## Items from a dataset
━━━━━━━━━━━━━━━━━━━━
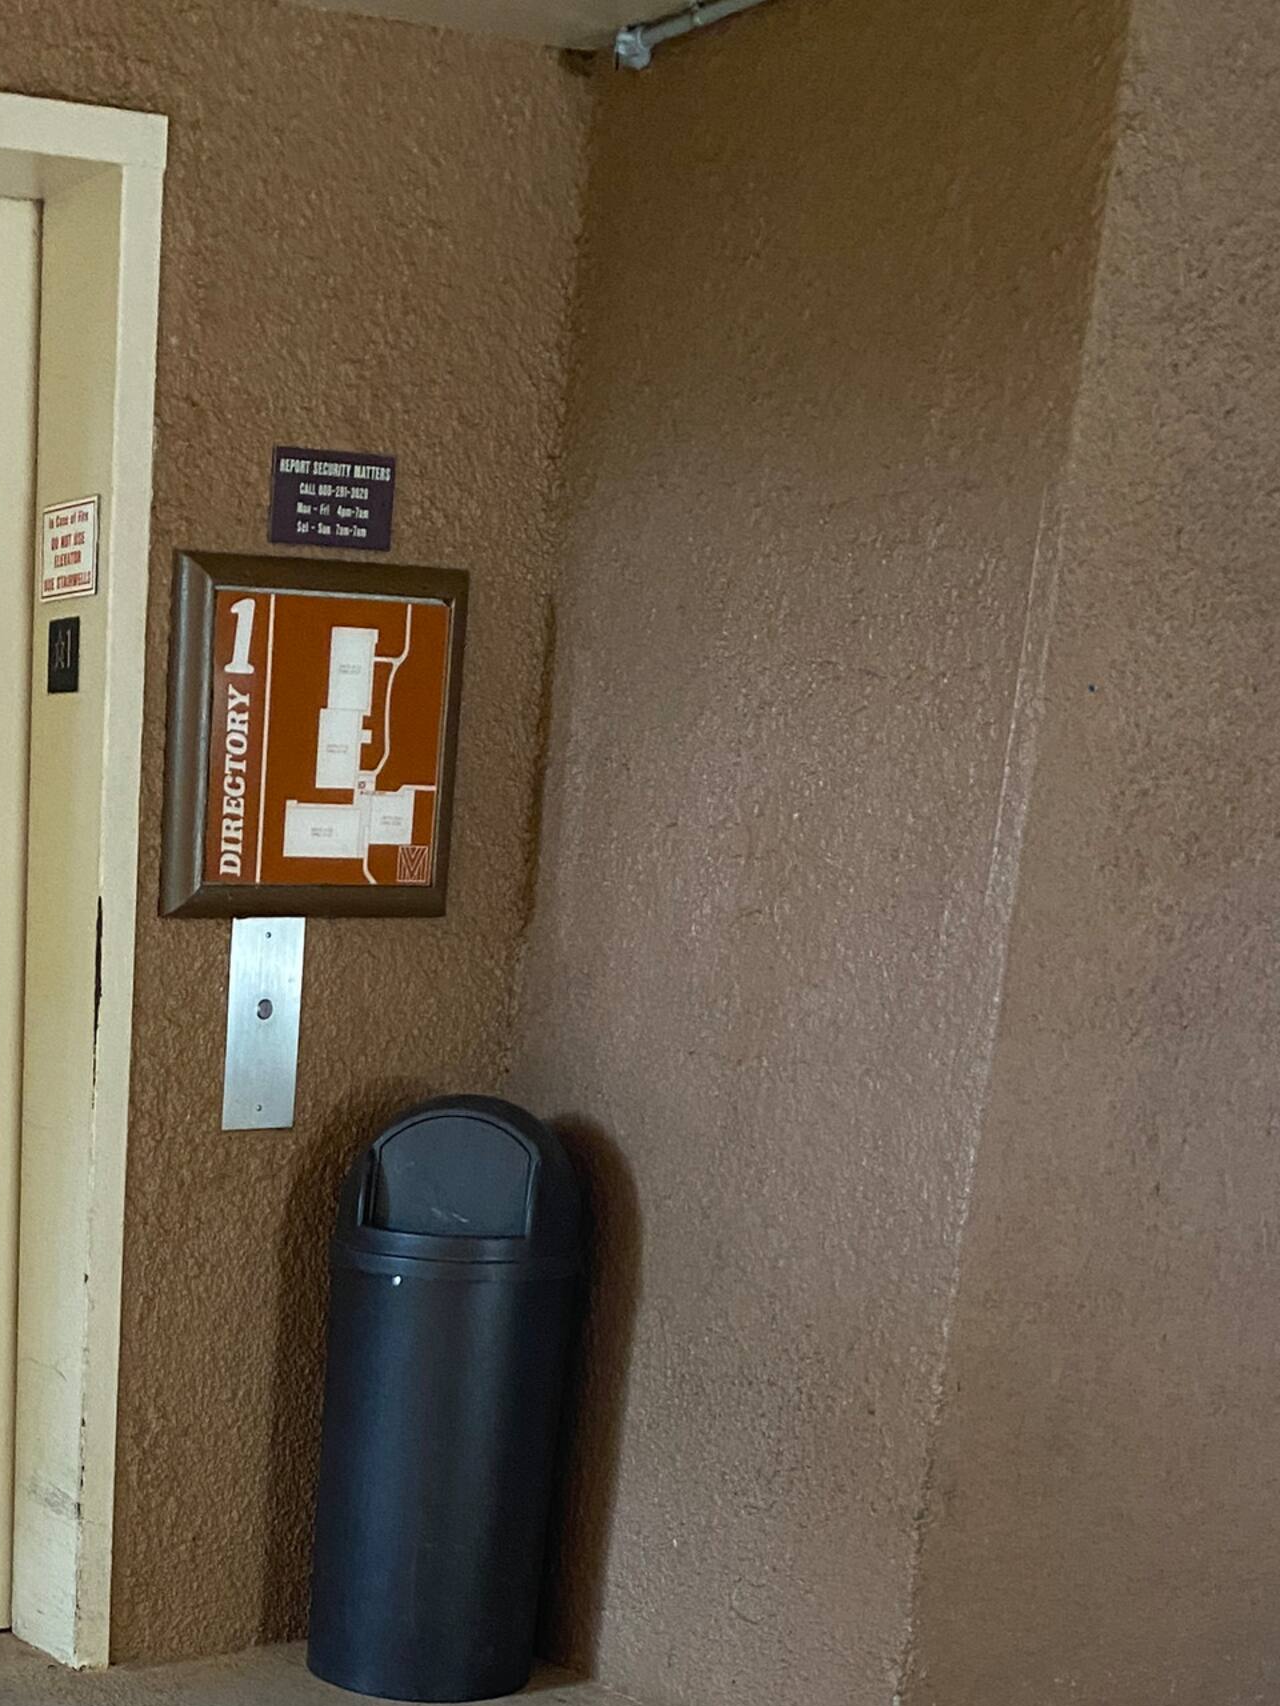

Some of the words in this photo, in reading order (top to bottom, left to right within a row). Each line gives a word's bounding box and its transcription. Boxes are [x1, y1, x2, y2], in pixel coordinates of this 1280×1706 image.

[280, 458, 311, 474] REPORT
[313, 461, 351, 478] SECURITY
[353, 464, 391, 481] MATTERS
[299, 482, 316, 495] CALL
[297, 502, 312, 515] Mon
[320, 503, 330, 516] Fri
[318, 522, 331, 535] Sun
[51, 537, 59, 551] DO
[61, 534, 71, 548] NOT
[74, 531, 85, 545] USE
[54, 550, 81, 568] ELEVATOR
[224, 598, 256, 675] 1
[219, 683, 251, 877] DIRECTORY
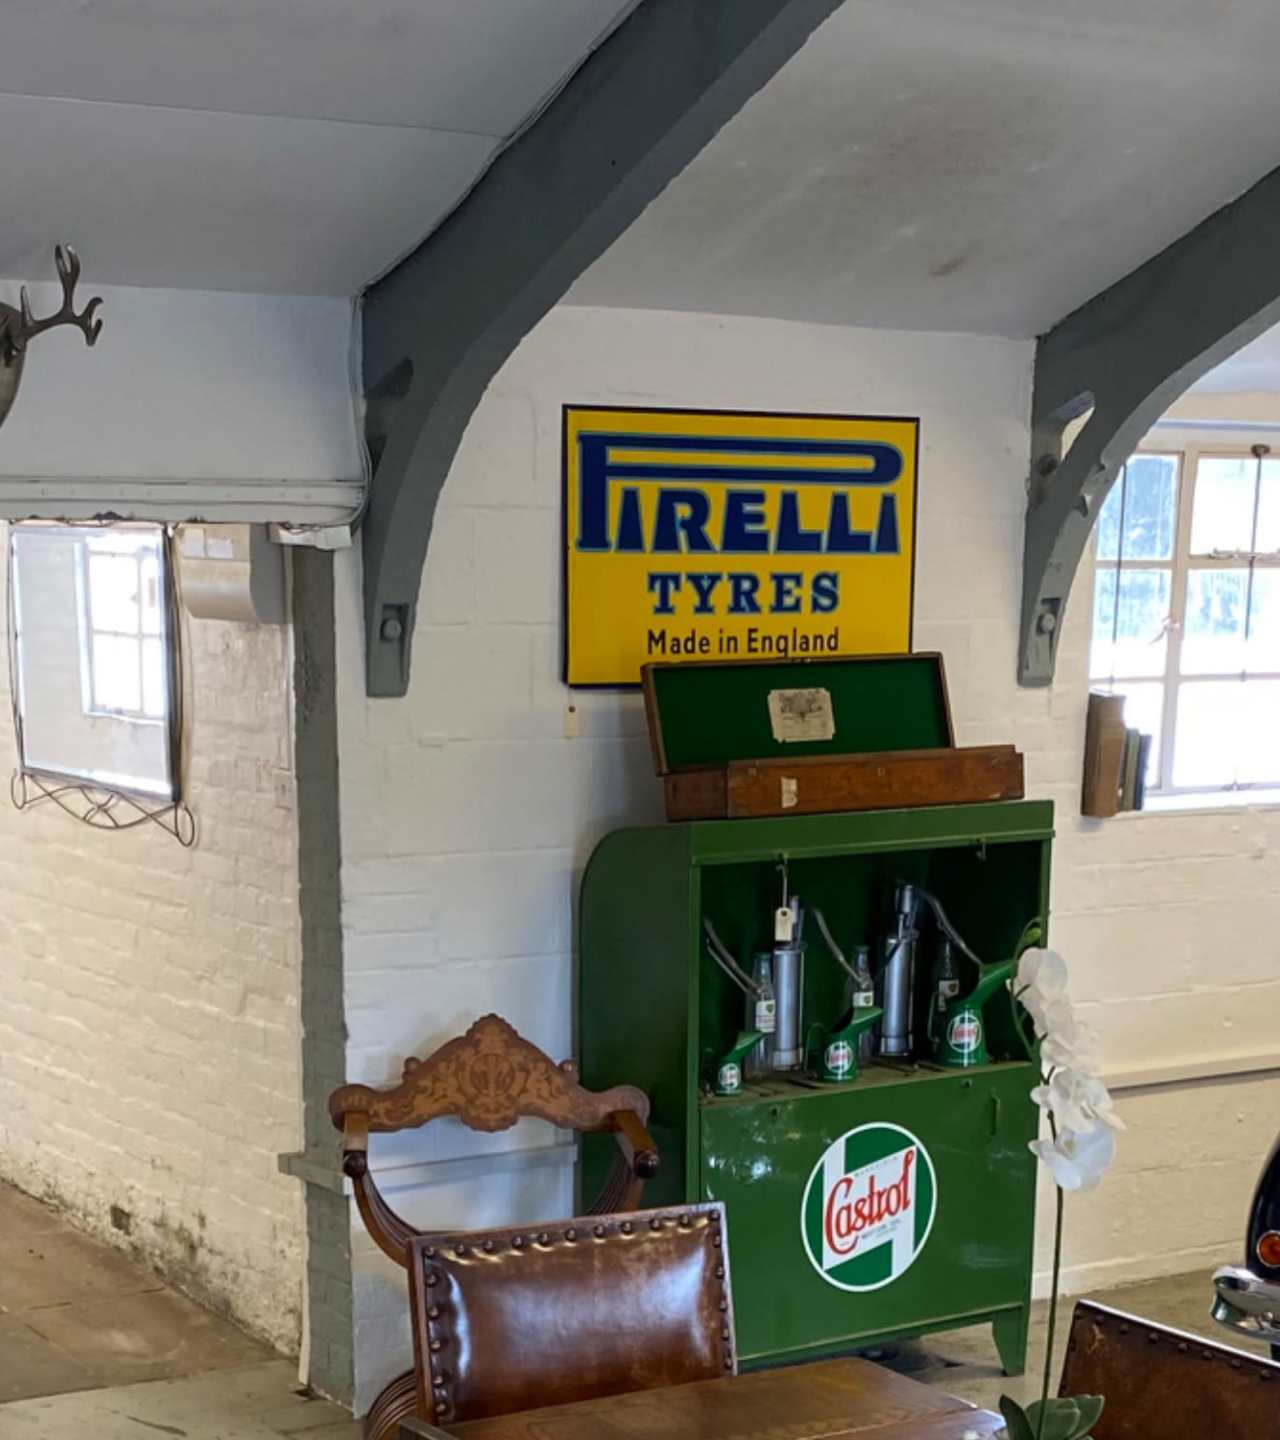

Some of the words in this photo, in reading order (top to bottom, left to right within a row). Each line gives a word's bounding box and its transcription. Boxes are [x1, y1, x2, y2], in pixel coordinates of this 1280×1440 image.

[575, 430, 904, 555] PIRELLI
[647, 571, 840, 615] TYRES
[647, 628, 711, 655] Made
[718, 627, 739, 654] in
[747, 626, 840, 658] England
[825, 1149, 915, 1255] Castrol
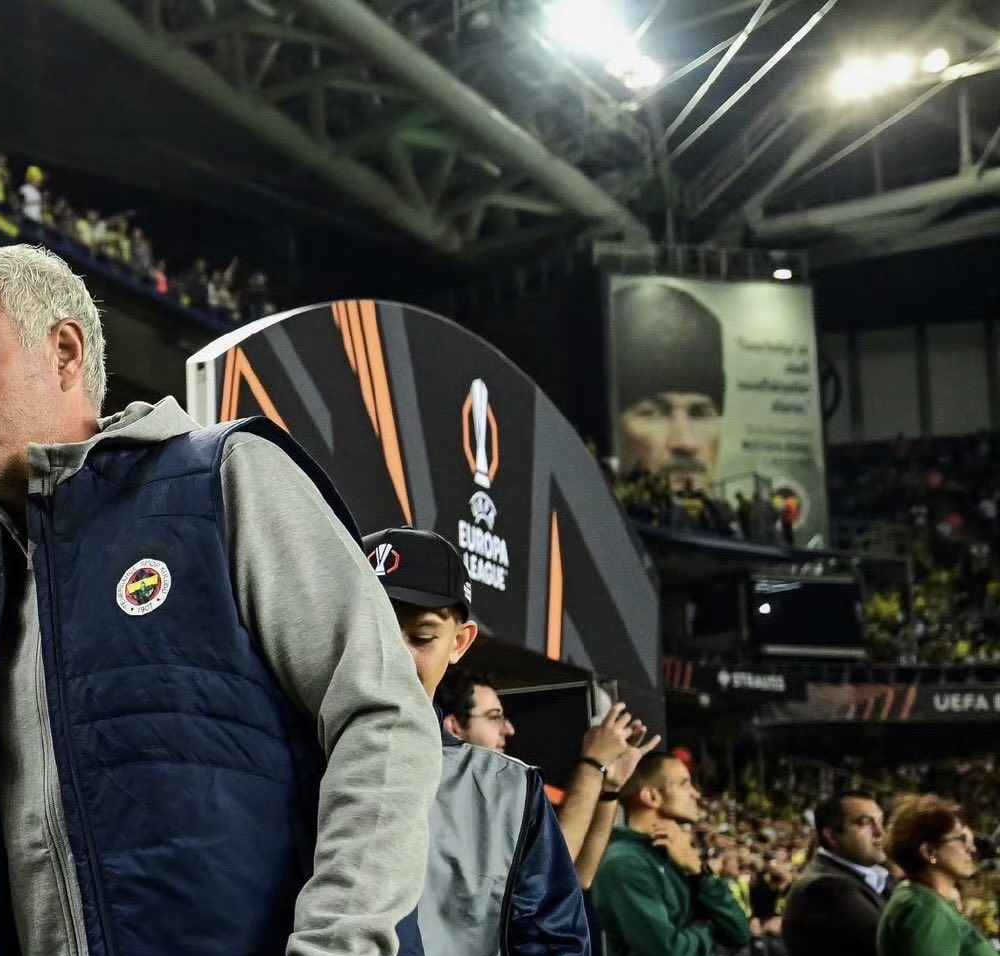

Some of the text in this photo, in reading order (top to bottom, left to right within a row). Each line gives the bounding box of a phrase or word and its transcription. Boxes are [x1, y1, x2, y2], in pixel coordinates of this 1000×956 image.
━━━━━━━━━━━━━━━━━━━━
## Task item
Copy the lines above exactly. Do not include pictures.

## Response
Some of the words in this photo, in reading order (top to bottom, left to right within a row). Each line gives a word's bounding box and its transcription. Boxes are [x1, y1, x2, y2], in pixel coordinates of this 1280×1706 image.

[280, 458, 311, 474] REPORT
[313, 461, 351, 478] SECURITY
[353, 464, 391, 481] MATTERS
[299, 482, 316, 495] CALL
[297, 502, 312, 515] Mon
[320, 503, 330, 516] Fri
[318, 522, 331, 535] Sun
[51, 537, 59, 551] DO
[61, 534, 71, 548] NOT
[74, 531, 85, 545] USE
[54, 550, 81, 568] ELEVATOR
[224, 598, 256, 675] 1
[219, 683, 251, 877] DIRECTORY

Some of the words in this photo, in reading order (top to bottom, left to right within a row). Each line gives a word's bounding box and its transcription. Boxes are [x1, y1, x2, y2], in pixel coordinates of this 1280×1440 image.

[575, 430, 904, 555] PIRELLI
[647, 571, 840, 615] TYRES
[647, 628, 711, 655] Made
[718, 627, 739, 654] in
[747, 626, 840, 658] England
[825, 1149, 915, 1255] Castrol

Some of the text in this photo, in reading order (top to bottom, left to right within a row). Each line gives the bounding box of a phrase or word and its transcription. Boxes are [x1, y1, x2, y2], in pixel coordinates of this 1000×956 image.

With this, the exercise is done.